Arthur Ralph Mondella was named after his grandfather Arthur and his father, Ralph. The family came from Naples, though Ralph was born in America. In Italy, Arthur, senior, had been a baker, and he wanted to get out of that business because he did not like working seven days a week. He and Ralph began making maraschino cherries in a small factory on Henry Street, in Carroll Gardens. The cherries, which traditionally embellish ice-cream sundaes and cocktails, were not steeped in maraschino, the Italian wild-cherry liqueur. (Since Prohibition, most maraschino cherries have not contained maraschino.) Instead, the Mondellas used a secret recipe involving sugar, citric acid, red coloring, and a curing process that never subjected the fruit to hot water. The cold-water-only approach preserves the cherries’ crunch, the family says. All of the production was small-batch and hand-done. The hours turned out to be just as long as those in a bakery.

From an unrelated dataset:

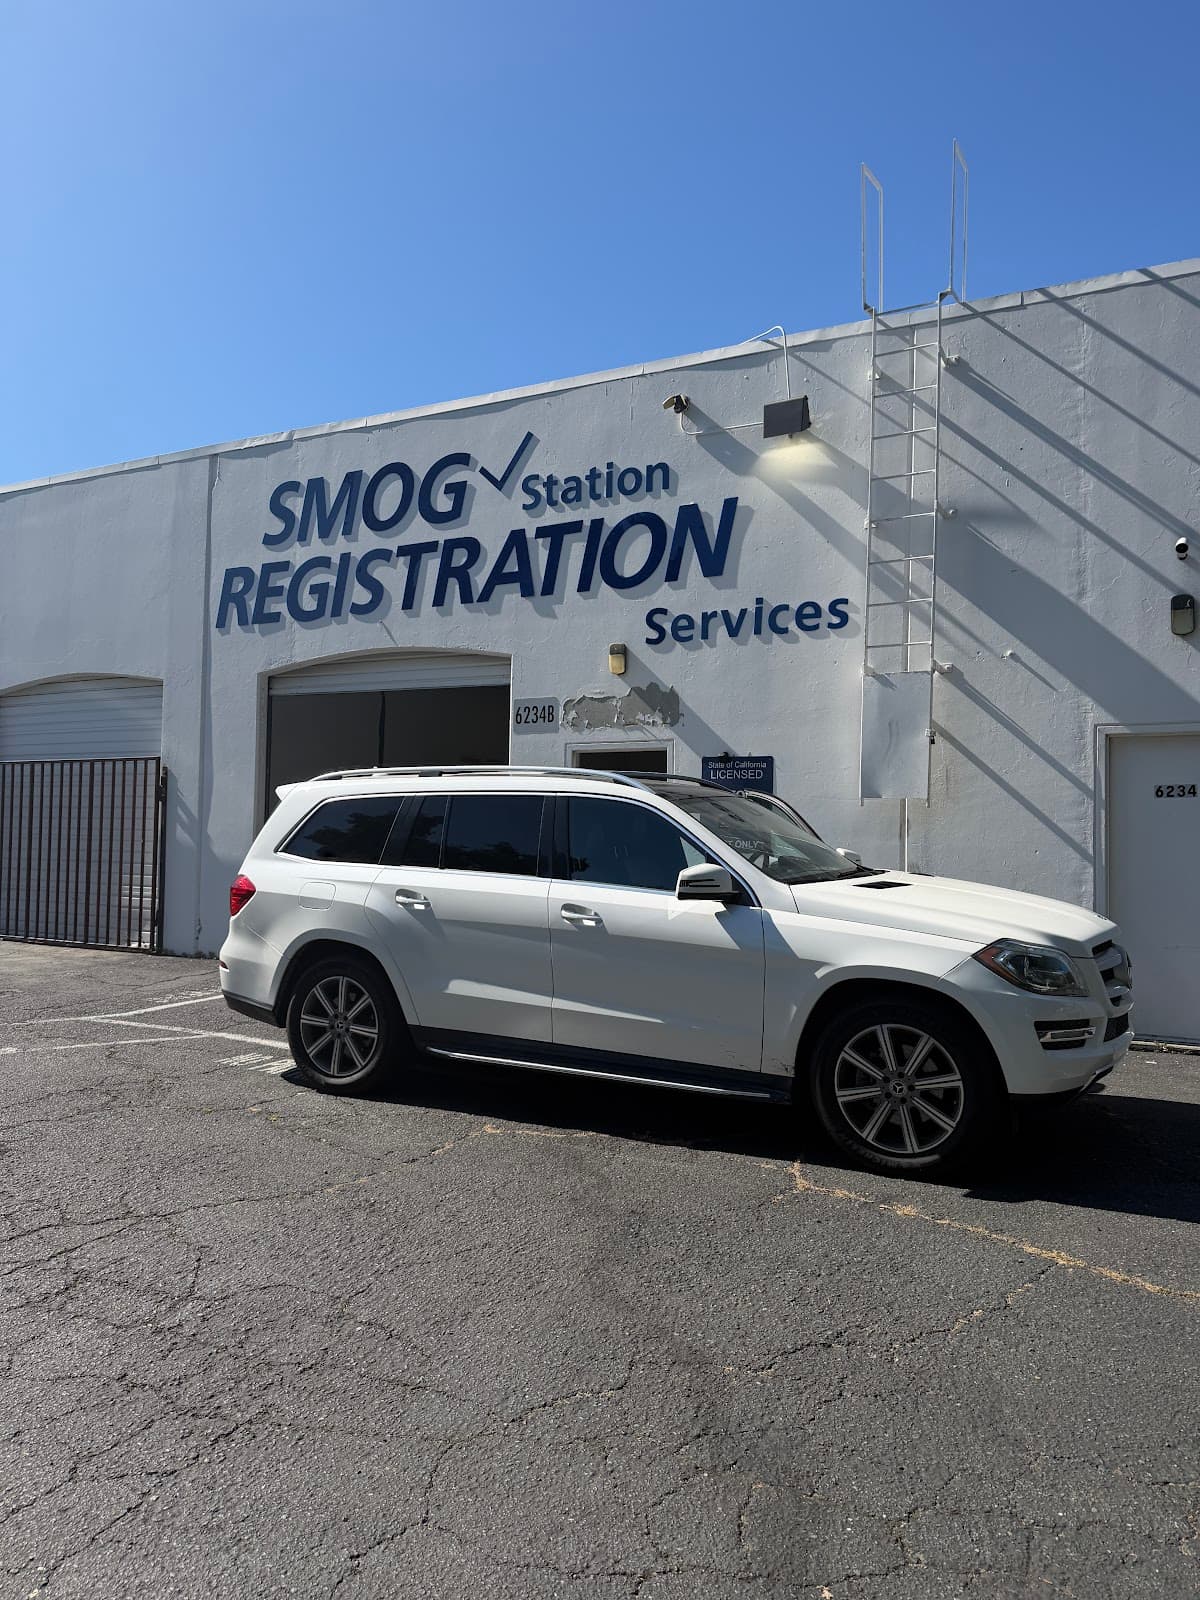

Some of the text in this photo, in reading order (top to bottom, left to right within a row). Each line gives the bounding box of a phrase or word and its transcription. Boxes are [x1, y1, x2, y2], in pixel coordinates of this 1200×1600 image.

Arthur, of the second American generation of the family, was born in 1957. He grew up in Bay Ridge, attended Xavierian High School, and got a full scholarship to New York University. After graduating with a degree in finance he went to Wall Street, where he found a job with an investment firm. He did not want to work in the cherry factory at all, but in 1983 his father had a heart attack and Arthur set aside his financial career to take over the company.
Arthur, senior, was long dead by then. When Arthur, the grandson, examined with an ex-Wall Streeter’s eye the company he had inherited, he saw room for improvement. In the nineteen-seventies it had moved from Carroll Gardens to Dikeman Street, in Red Hook. Mondella set about expanding that location into two adjacent buildings, and eventually the factory occupied a total floor space of thirty-eight thousand square feet. He scaled up what had been essentially a mom-and-pop operation; his mother and his sister, Joanne, worked there, too, but he ran the show, increasing production capacity and acquiring large-volume food-service clients. In 2014, he made a seven-million-dollar investment in automation so that one day the place would “run itself,” as he told his daughters.
Despite automating, he wanted to keep his human workforce intact. By all accounts, he cared about his employees. Lots of ex-offenders had jobs at Dell’s. The Red Hook Houses, a nearby low-income housing project, supplied him with workers who needed the paycheck. Mondella was known for giving salary advances, and loans whose repayment was not vigorously pursued. He hired a homeless man, provided him an advance for a deposit, and let him use a company truck to move into a new apartment. Gang tattoos could be seen on the muscular, maraschino-red-stained arms of guys on the factory floor.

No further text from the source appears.